Esse meu último fim de semana foi uma maratona musical. Sexta-feira teve a noite do metal do Abril pro Rock, sábado teve a noite rock/alternativa do mesmo evento e ontem foi o “Encontro do Rock”, que reuniu a adolescência alternativa/hardcore/popcore de Recife.

Difícil encontrar alguém que tenha feito o mesmo, mas eu fiz. Primeiro porque eu gosto do Abril pro Rock e no Encontro do Rock tocou a Woohoo, banda que eu empresario/produzo/faço um bocado de coisa. Segundo porque é uma experiência bastante interessante encontrar vários tipos de gente diferente em apenas 3 dias, além de encontrar os amigos, claro.

Sexta-feira

A sexta-feira do metal do mal e do punk rock me surpreendeu por ter aparecido uma galera muito jovem, principalmente na rodinha de Agent Orange, a única banda que eu vi e realmente gostei. As outras apostas eram The Mullet Monster Mafia, que eu cheguei atrasado e não vi, e Terra Prima, mas eu tava por fora e não achei tão legal o som deles. É engraçado ver a galera com aquelas roupas de couro bem estranhas que eu não sei onde compram e todo mundo vestido de preto.. eu tava com a camisa do APR de 2006, que era no estilo da camisa da seleção brasileira, fazendo o contraste com a galera dark.

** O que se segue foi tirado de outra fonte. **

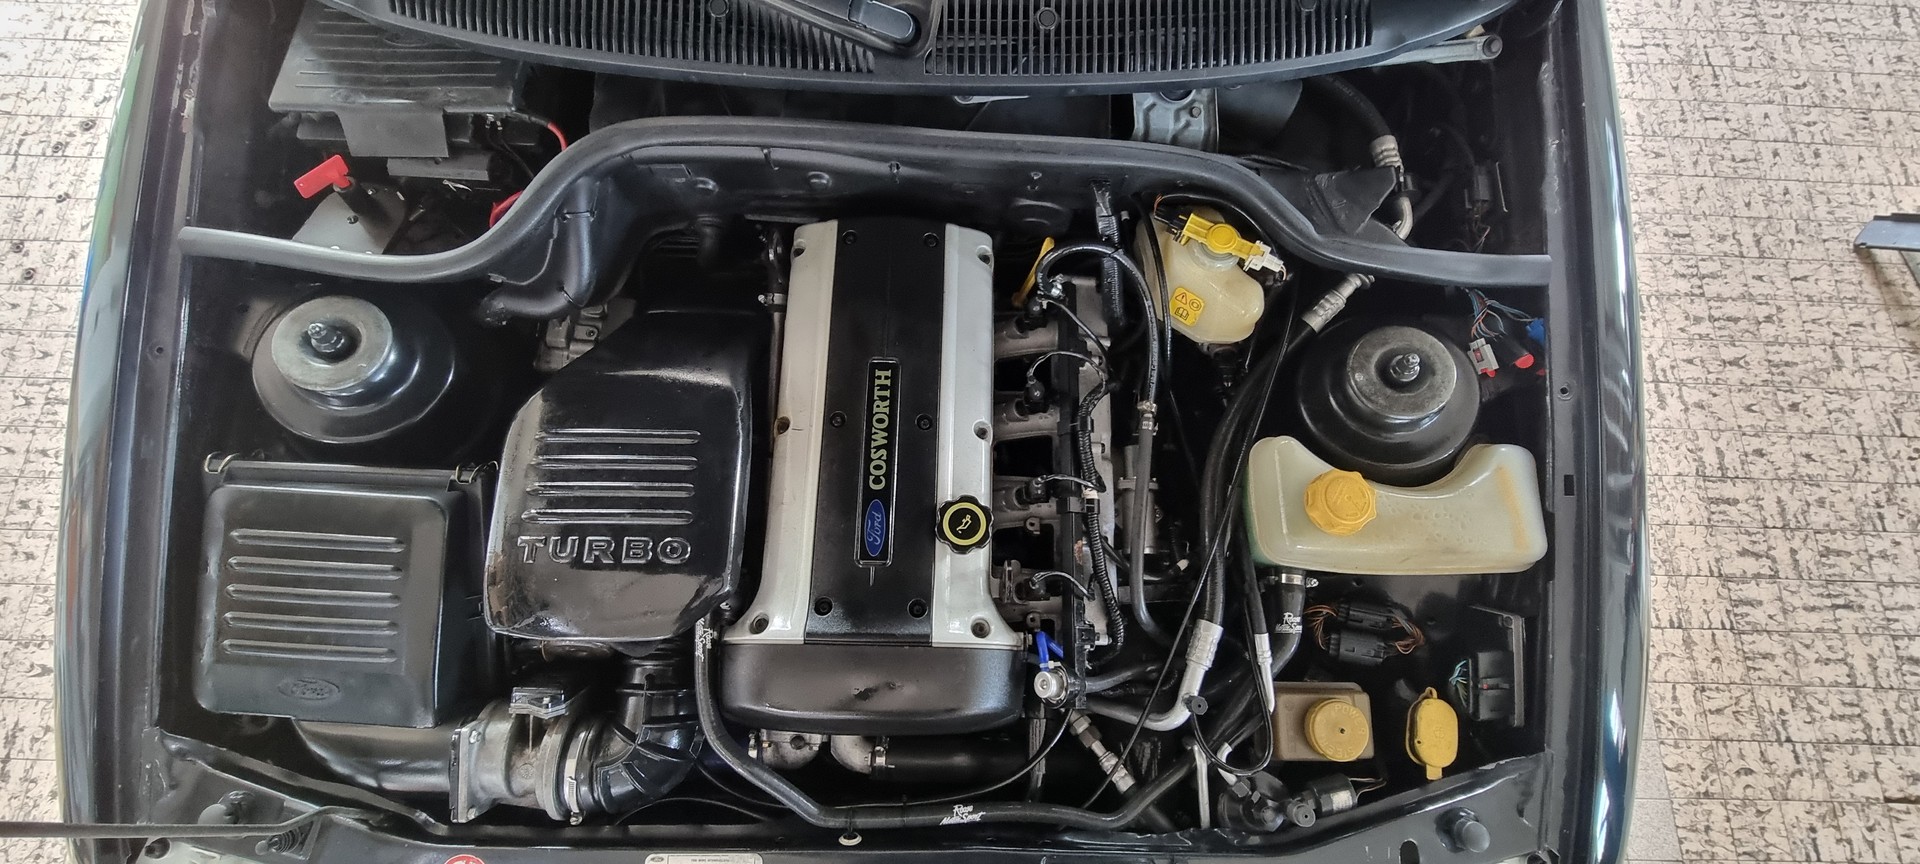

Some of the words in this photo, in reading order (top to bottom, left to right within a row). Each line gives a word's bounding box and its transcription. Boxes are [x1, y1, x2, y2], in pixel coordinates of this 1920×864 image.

[868, 368, 893, 491] COSWORTH
[517, 535, 692, 564] TURBO
[1334, 703, 1366, 735] POWER
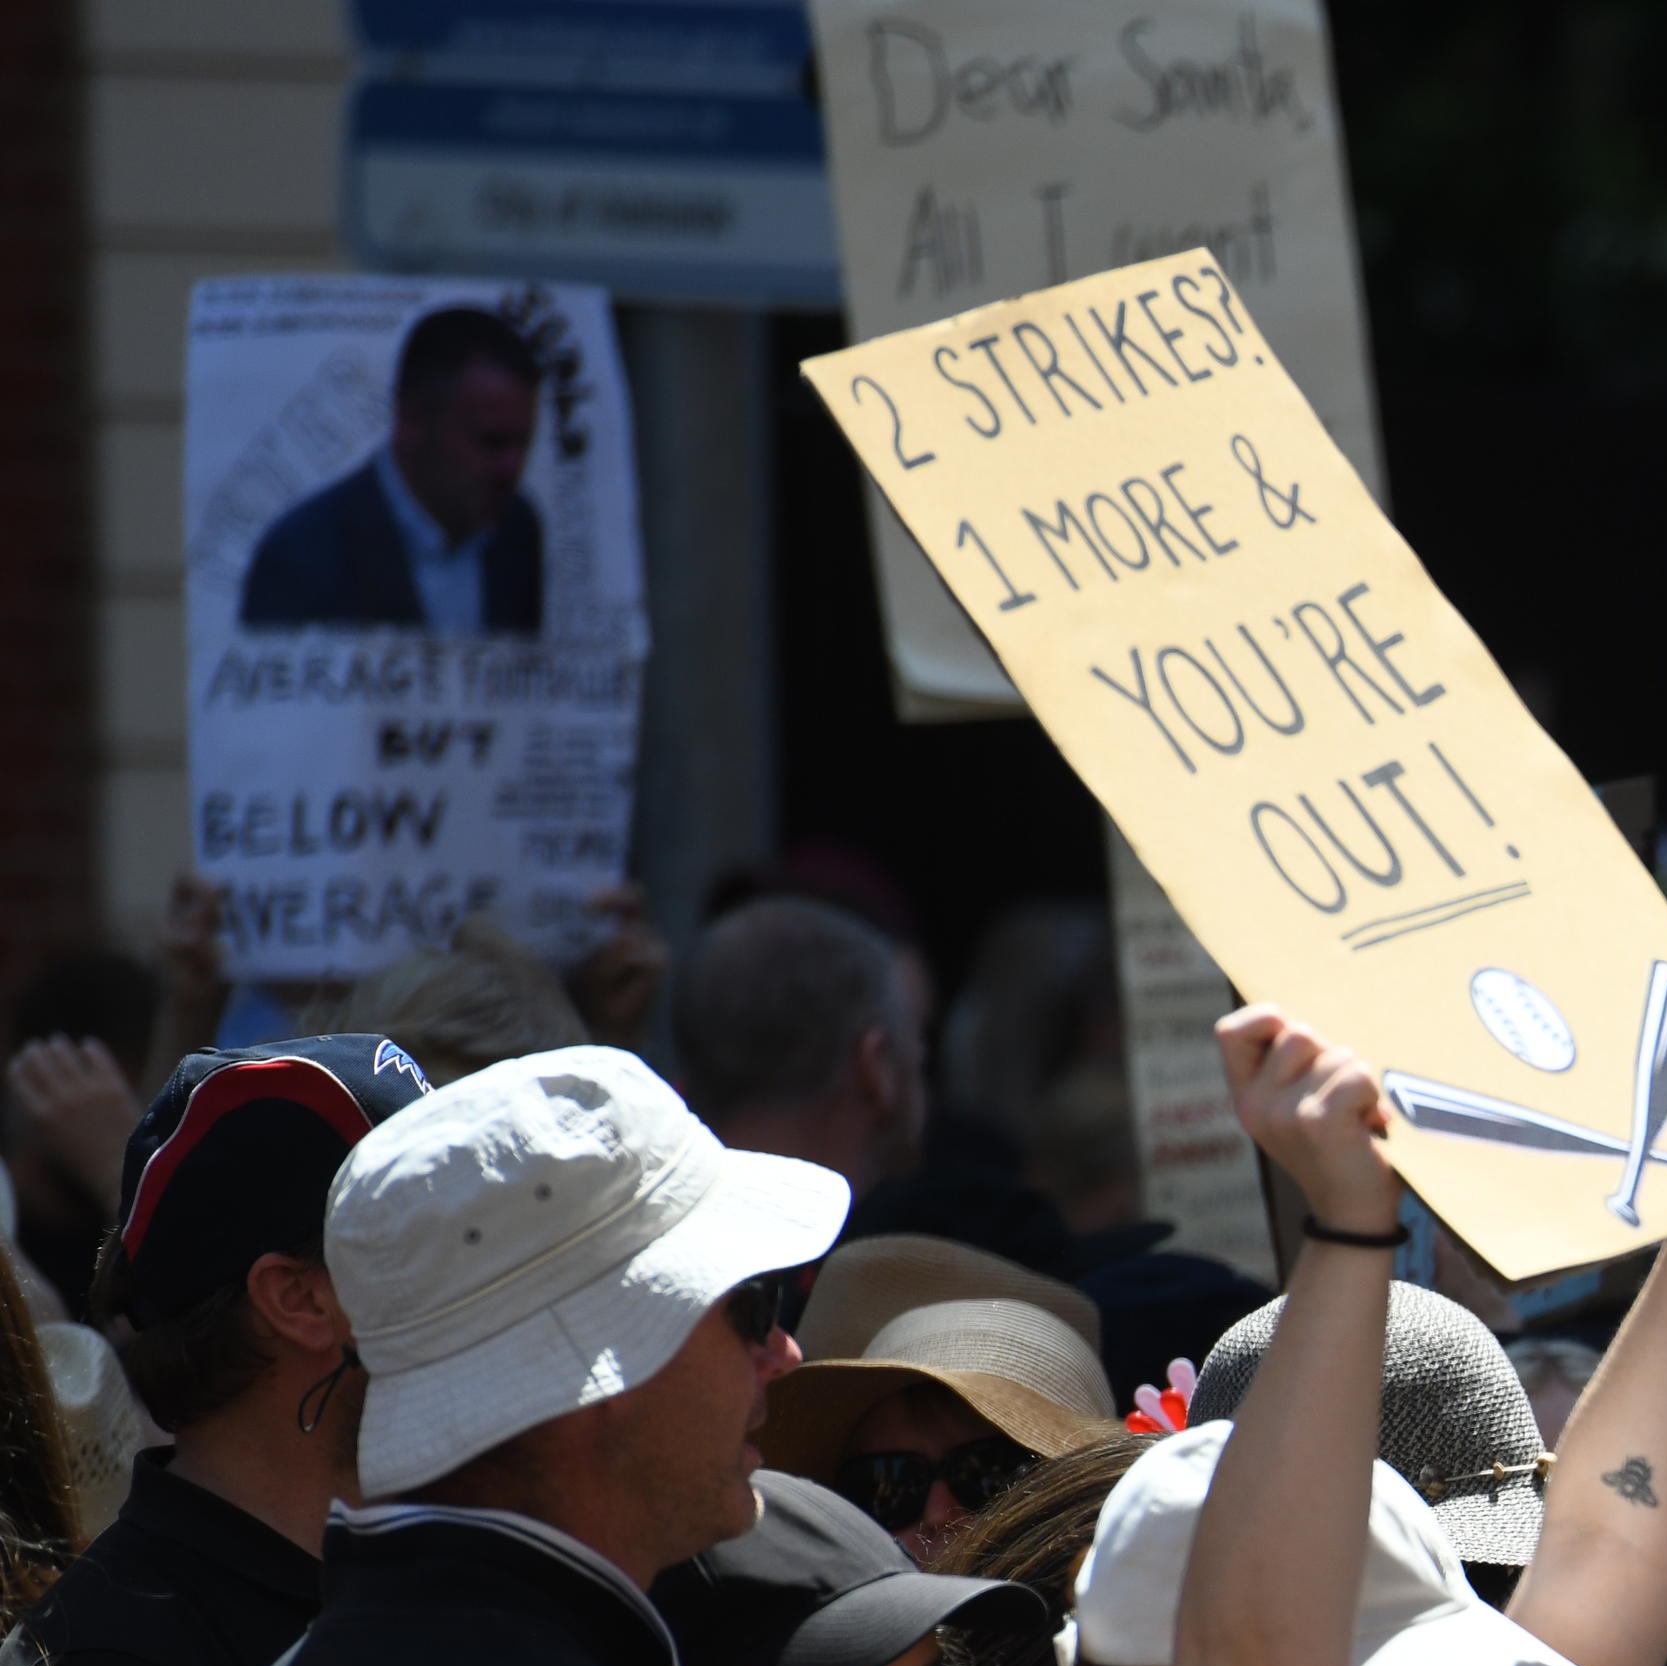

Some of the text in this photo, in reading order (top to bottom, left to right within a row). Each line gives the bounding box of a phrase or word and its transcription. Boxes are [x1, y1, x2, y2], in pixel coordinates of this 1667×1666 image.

[867, 14, 1078, 150] Dear
[896, 182, 985, 298] All
[852, 267, 1264, 470] 2 STRIKES?
[957, 433, 1317, 612] 1 MORE &
[378, 716, 500, 770] BUT
[1090, 582, 1446, 774] YOU'RE
[199, 788, 450, 858] BELOW
[1250, 742, 1521, 914] OUT!

É bom ver também que ao contrário do que muita gente pensa, essa galera é bastante gente fina e unida. É mais fácil ver gente brigando de verdade em show de axé por causa da mulher alheia do que num show de metal. De vez em quando aparecem uns zés ruelas no meio da rodinha querendo avacalhar ou estilando porque levou um pipoco nas costas, mas tá na rodinha é pra aguentar isso mesmo.

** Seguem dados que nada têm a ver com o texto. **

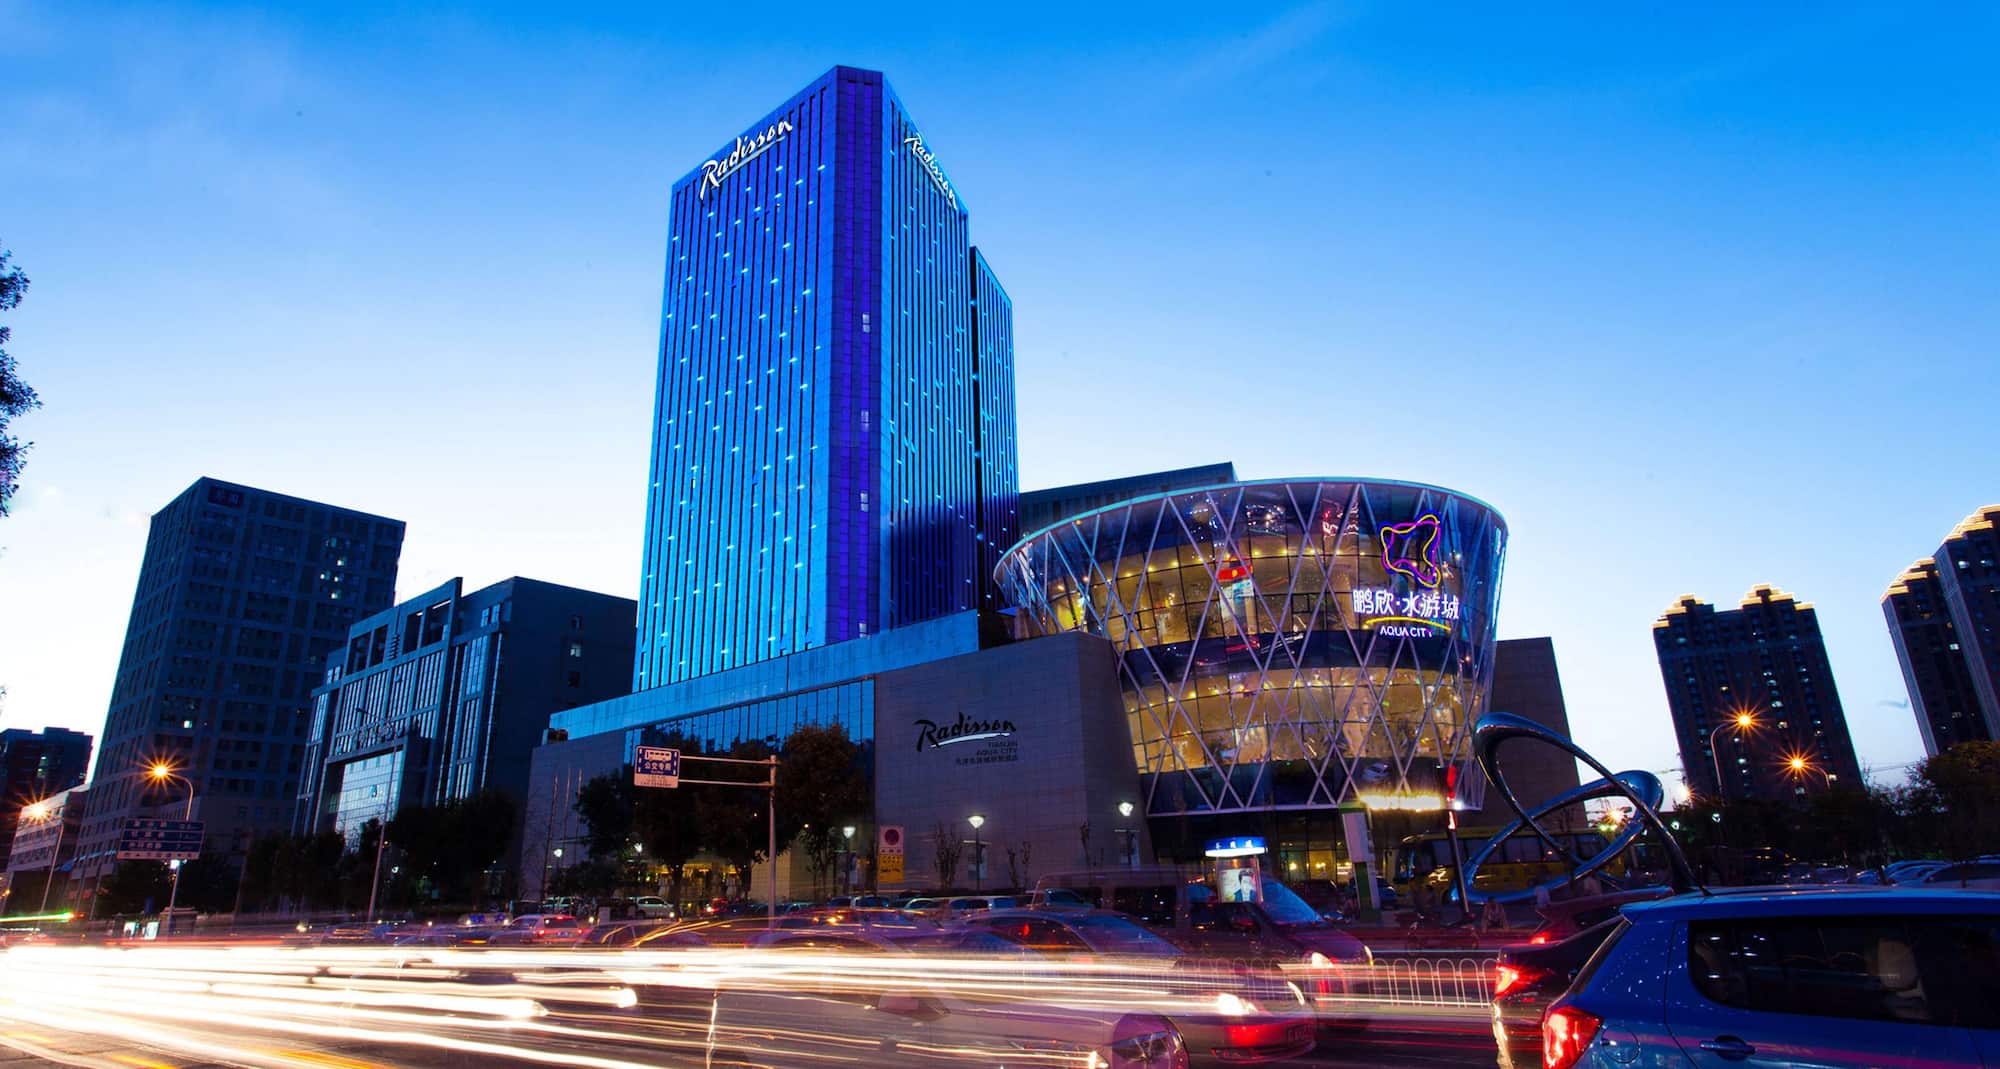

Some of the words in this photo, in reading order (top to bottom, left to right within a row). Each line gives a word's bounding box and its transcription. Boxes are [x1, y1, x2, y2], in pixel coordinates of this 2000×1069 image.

[700, 118, 793, 200] Radisson
[903, 132, 959, 210] Radisson
[1380, 625, 1410, 637] AQUA
[1410, 626, 1433, 638] CITY
[913, 712, 1017, 752] Radisson

Haviam muitos casais, gente da mais bonita à mais feia. Ou seja, são pessoas normais que o povo que não conhece de perto faz questão de esteriotipar. Coisa de ignorante mesmo.

Sábado

O sábado foi o dia da alternatividade. Aquele dia em que você chega no festival sem conhecer boa parte das bandas e vai lá pra ser surpreendido. Quem me surpreendeu mais foi Plástico Lunar, Instituto Mexicano del Sonido e Afrika Bambaata. Quem não era surpresa e botou quente foi 3namassa, muito bom o show deles. A Nação Zumbi e todos seus projetos paralelos (Los Sebozos Postizos, Maquinado e 3namassa) conseguem atingir uma qualidade musical que deveria dar uma inveja pra a maioria dos músicos, nacionais e internacionais.

O público era diferente, ainda que tivessem aparecido alguns headbangers com camisas do Iron Maiden, Angra, etc. O que predominava mesmo eram as camisas xadrez, uns penteados meio estranhos e muitos, mas muitos all-stars. É um estilo diferente e que me agrada, apesar de eu nunca estar vestido desse jeito. A noite que começou bem pesada cheia de bandas de rock foi se amenizando e virando mais dançante. 3namassa fez uma legião de lésbicas começar um furor orgiático por lá que só parou quando o show de Pato Fu acabou. Essa galera com certeza não tava na sexta-feira.

A incrível presença de palco do vocalista Camilo Lara do Instituto Mexicano del Sonido e o som de Afrika Bambaata conseguiram fazer a galera se mexer de verdade. Do nada o que era uma festa de rock virou uma micareta que alternou do indie ao pop numa tranquilidade incrível.  Muita gente se aproximou do palco nesses 2 shows, foi aí que eu vi que acertaram na escolha de 2 atrações que não eram de tanto conhecimento do público (Afrika Bambaata é tido como uma lenda, mas não é uma lenda pop, e sim uma lenda underground do underground atualmente). Muita gente loucamente dançando lá os talentosos e os que tavam beirando o ridículo. A festa tava feita, e isso foi legal.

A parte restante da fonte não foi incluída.